The freeze fracture technique has been able to show details up more clearly.The plasma membrane forms when one of the vesicles of the Golgi apparatus empties its contents to the outside, the membrane lining of the vesicle fuses with the existing cell membrane. The main function of the plasma membrane is to, firstly bind all cell organelles and cytoplasm within a cell. The other function is to act as a controlled gate that allows certain substances in and certain ones out.

The process is very complex involving all four techniques, osmosis, diffusion, facilitated diffusion and also active transport.Firstly water passes in and out of the cell through the membrane by osmosis. Water will move from where there is higher water potential to an area of lower water potential. An example of this is in the case of root cells taking in water. Secondly substances move from an area of higher concentration to an area of lower concentration.

Thirdly during facilitated diffusion substances that are even though at a higher concentration cannot pass through the pores of the membrane, therefore have to be helped by proteins that are present in the cell membrane, but all this at the expense of ATP energy.Lastly during active transport as substance that is at a lower concentration will go to an area of high concentration again by the help of proteins using ATP energy. An example of the last technique is in the human nerve cells. What happens is that sodium ions are pumped out the cell agains the concentration gradient, at the same time potassium being pumped in. The proteins of the cell membrane work just like and enzyme, having a specific shape to hold on to a specific substrate. It is also possible for certain gasses to diffuse in and out of cells.Another thing that happens is that the cell membrane also can perform endophagocytosis.

This is when a substance is surrounded by a part of the membrane and is brought into it. Enzymes act upon the substances and the digested products diffuse into the cell membrane whereas undigested matter is extruded by exophaocytosis. Pinocytosis can also occur but in this case its is water that is brought in by the cell membrane. Certain environmental variable will affect the effectiveness of the membranes. Firstly temperature plays a role.

If temperatures are raised too high beyond a certain point, the plasma membrane ceases to function. This is because it contains proteins and proteins are denatured above 45 degrees Celsius. They then lose their shape and therefore function. The concentration of substances also affects the speed with which substances are transported in and out. A person can be in a state of paralysis if his core temperature is raised too high because one reason being that his nerve cells cannot transport the potassium and sodium correctly due to the cell membrane proteins losing their shape and function.Organelles themselves have membranes around them.

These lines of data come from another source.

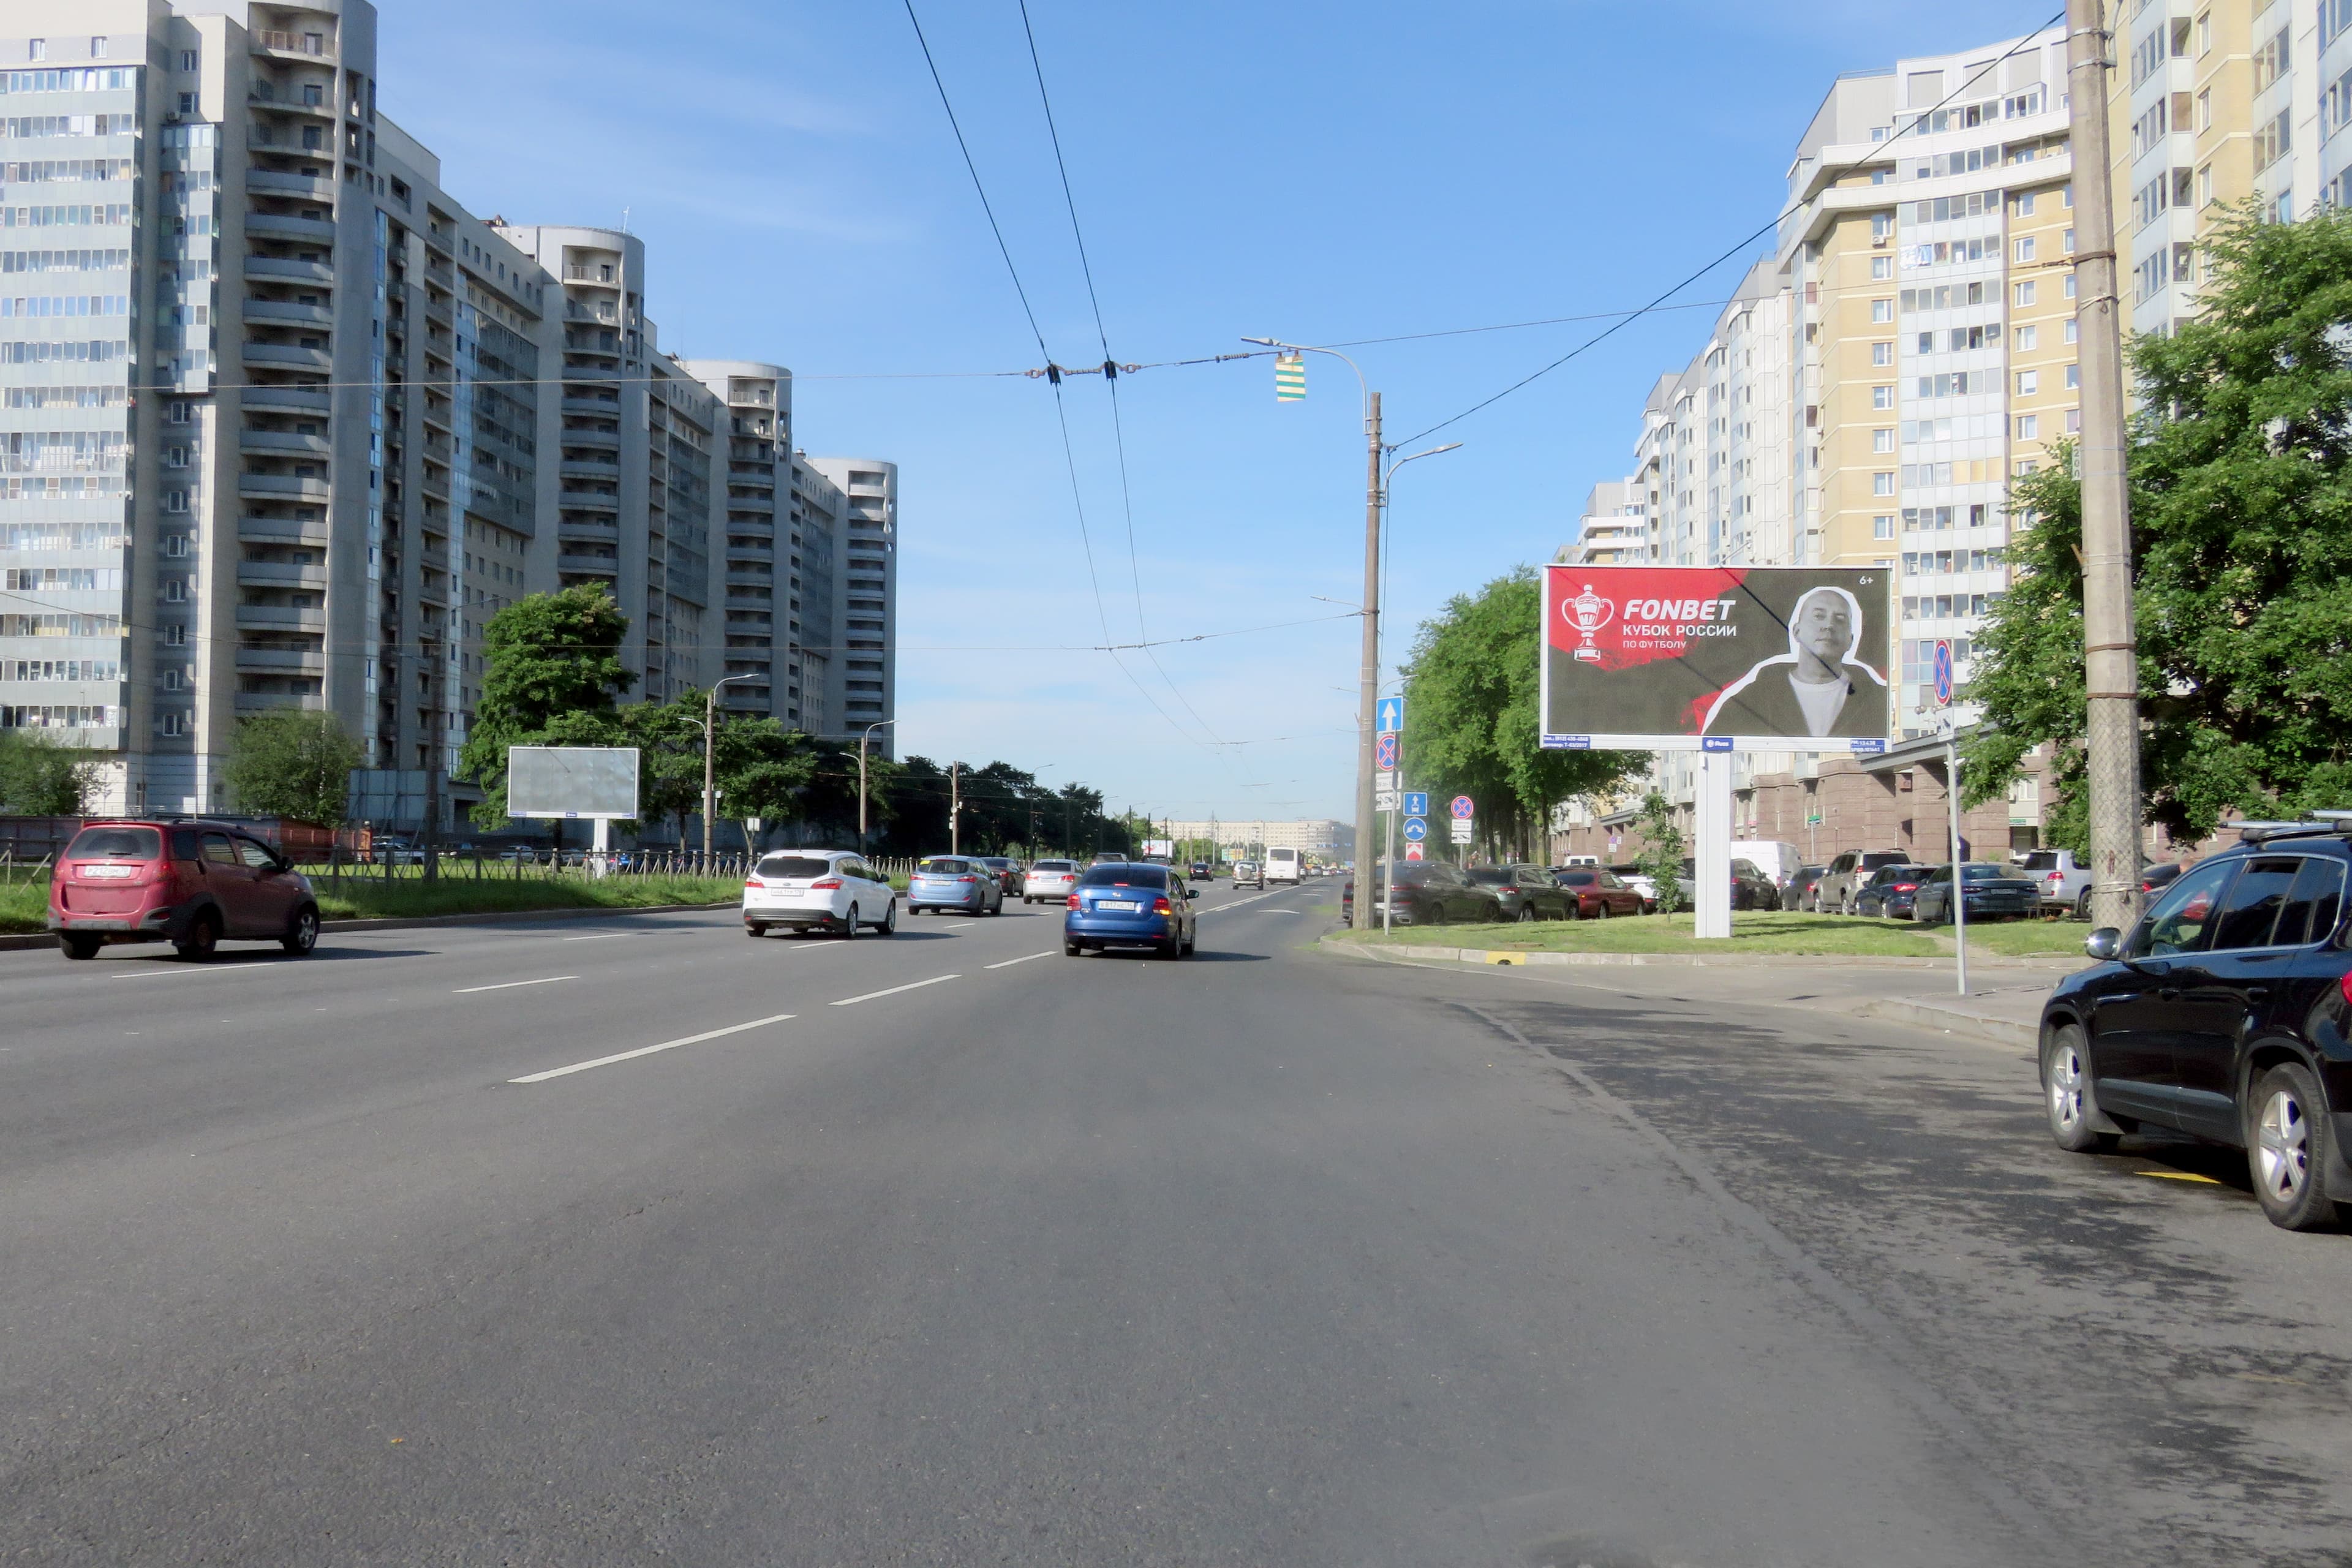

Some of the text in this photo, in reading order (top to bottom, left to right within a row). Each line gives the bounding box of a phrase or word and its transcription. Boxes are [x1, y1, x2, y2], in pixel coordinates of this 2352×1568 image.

[1860, 576, 1874, 584] 6+
[1624, 600, 1736, 620] FONBET
[1623, 625, 1736, 636] КУБОК РОССИИ
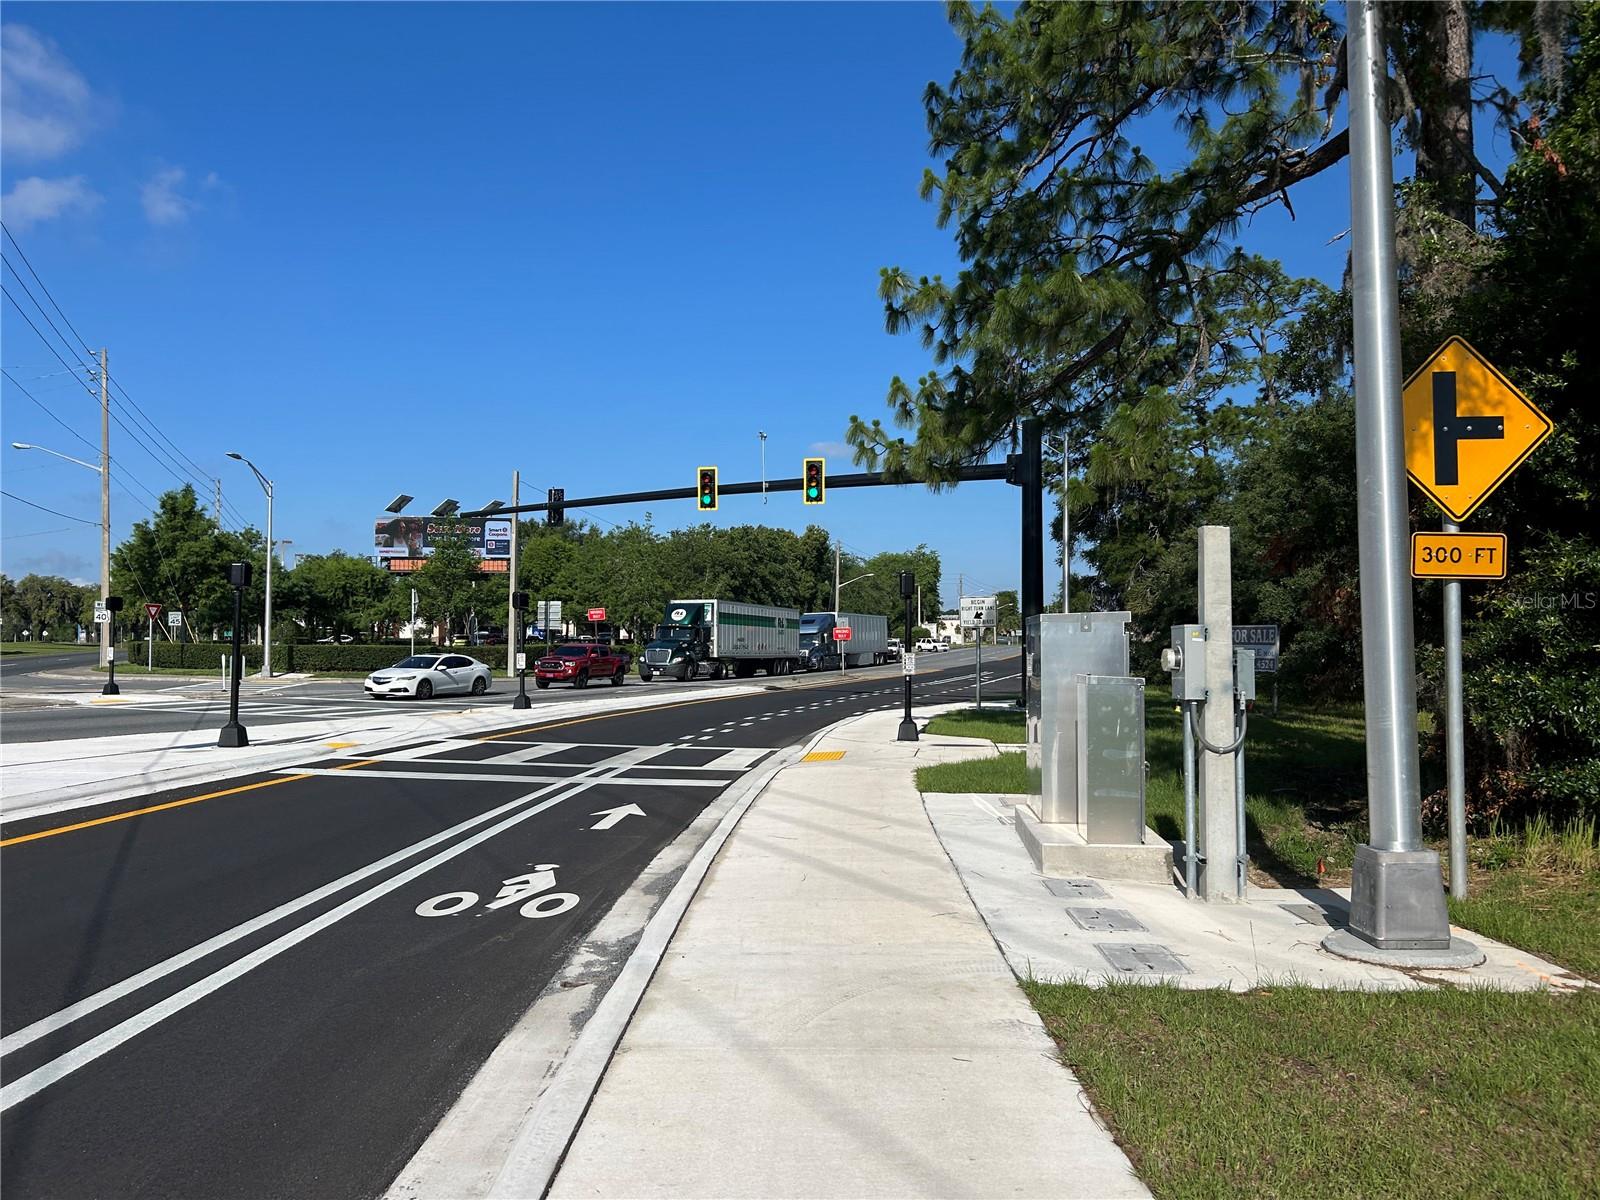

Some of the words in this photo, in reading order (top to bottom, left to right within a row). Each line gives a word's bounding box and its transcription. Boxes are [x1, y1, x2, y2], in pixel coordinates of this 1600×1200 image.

[1422, 546, 1462, 563] 300
[1475, 547, 1497, 564] FT
[1232, 629, 1248, 643] OR
[1249, 629, 1275, 643] SALE

Basically this is to prevent their contents from spilling out into the cytoplasm. A key point is that some organelle, which have very important and very vigorous cell reactions are enclosed by not just one membrane but by two. The mitochondria for example are a double membrane bound organelle. The reaction is so vigorous that there is a possibility that if not contained, the reaction would burn up the whole cell. The chloroplast is another example, where again it is a double bound organelle.

The nucleus is also another example of such organelles.Many confuse between the cell wall and cell membrane. A cell membrane is not readily visible whereas the cell wall is. During plasmolysis, it is the cell membrane pulled inwards and not the cell wall.

Therefore at the end we can now appreciate the complexity and importance of the plasma membrane. It is so well regulated that if even one small irregularity were made, the cell would die out. Every part of the membrane is important and contributes to maintaining the right balances necessary inside a cell and organelle. The cell membrane is the initial pathway a cell can take in what is needed and extrude what is not.